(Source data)
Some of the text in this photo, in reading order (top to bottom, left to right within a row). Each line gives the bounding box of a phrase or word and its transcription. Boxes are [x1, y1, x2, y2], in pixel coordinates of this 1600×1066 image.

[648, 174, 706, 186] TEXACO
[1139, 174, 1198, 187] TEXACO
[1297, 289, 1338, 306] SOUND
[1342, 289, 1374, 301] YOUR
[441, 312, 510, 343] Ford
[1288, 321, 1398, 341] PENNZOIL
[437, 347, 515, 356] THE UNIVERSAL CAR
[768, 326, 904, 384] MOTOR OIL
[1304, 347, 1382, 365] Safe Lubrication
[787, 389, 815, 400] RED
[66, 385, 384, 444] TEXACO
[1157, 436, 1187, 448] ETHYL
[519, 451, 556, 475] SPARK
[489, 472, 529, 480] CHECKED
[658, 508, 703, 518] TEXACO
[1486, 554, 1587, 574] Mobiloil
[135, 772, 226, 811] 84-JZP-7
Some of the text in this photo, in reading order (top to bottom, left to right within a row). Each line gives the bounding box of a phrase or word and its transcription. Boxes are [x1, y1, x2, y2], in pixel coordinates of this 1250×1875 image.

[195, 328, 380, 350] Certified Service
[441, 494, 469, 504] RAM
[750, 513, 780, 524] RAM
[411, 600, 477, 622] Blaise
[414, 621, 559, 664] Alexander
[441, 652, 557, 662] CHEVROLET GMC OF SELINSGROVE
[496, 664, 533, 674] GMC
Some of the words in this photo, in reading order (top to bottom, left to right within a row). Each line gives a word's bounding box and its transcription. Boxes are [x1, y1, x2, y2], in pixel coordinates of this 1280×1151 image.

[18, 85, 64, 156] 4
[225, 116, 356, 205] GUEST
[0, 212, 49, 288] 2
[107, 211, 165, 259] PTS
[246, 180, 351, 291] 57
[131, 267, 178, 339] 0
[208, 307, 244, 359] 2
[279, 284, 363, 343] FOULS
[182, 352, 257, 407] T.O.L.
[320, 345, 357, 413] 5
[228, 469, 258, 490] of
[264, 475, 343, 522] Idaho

● Exercise brief: Print the records above again, every one, exactly as written.

● Task solution:
Some of the text in this photo, in reading order (top to bottom, left to right within a row). Each line gives the bounding box of a phrase or word and its transcription. Boxes are [x1, y1, x2, y2], in pixel coordinates of this 1600×1066 image.

[648, 174, 706, 186] TEXACO
[1139, 174, 1198, 187] TEXACO
[1297, 289, 1338, 306] SOUND
[1342, 289, 1374, 301] YOUR
[441, 312, 510, 343] Ford
[1288, 321, 1398, 341] PENNZOIL
[437, 347, 515, 356] THE UNIVERSAL CAR
[768, 326, 904, 384] MOTOR OIL
[1304, 347, 1382, 365] Safe Lubrication
[787, 389, 815, 400] RED
[66, 385, 384, 444] TEXACO
[1157, 436, 1187, 448] ETHYL
[519, 451, 556, 475] SPARK
[489, 472, 529, 480] CHECKED
[658, 508, 703, 518] TEXACO
[1486, 554, 1587, 574] Mobiloil
[135, 772, 226, 811] 84-JZP-7
Some of the text in this photo, in reading order (top to bottom, left to right within a row). Each line gives the bounding box of a phrase or word and its transcription. Boxes are [x1, y1, x2, y2], in pixel coordinates of this 1250×1875 image.

[195, 328, 380, 350] Certified Service
[441, 494, 469, 504] RAM
[750, 513, 780, 524] RAM
[411, 600, 477, 622] Blaise
[414, 621, 559, 664] Alexander
[441, 652, 557, 662] CHEVROLET GMC OF SELINSGROVE
[496, 664, 533, 674] GMC
Some of the words in this photo, in reading order (top to bottom, left to right within a row). Each line gives a word's bounding box and its transcription. Boxes are [x1, y1, x2, y2], in pixel coordinates of this 1280×1151 image.

[18, 85, 64, 156] 4
[225, 116, 356, 205] GUEST
[0, 212, 49, 288] 2
[107, 211, 165, 259] PTS
[246, 180, 351, 291] 57
[131, 267, 178, 339] 0
[208, 307, 244, 359] 2
[279, 284, 363, 343] FOULS
[182, 352, 257, 407] T.O.L.
[320, 345, 357, 413] 5
[228, 469, 258, 490] of
[264, 475, 343, 522] Idaho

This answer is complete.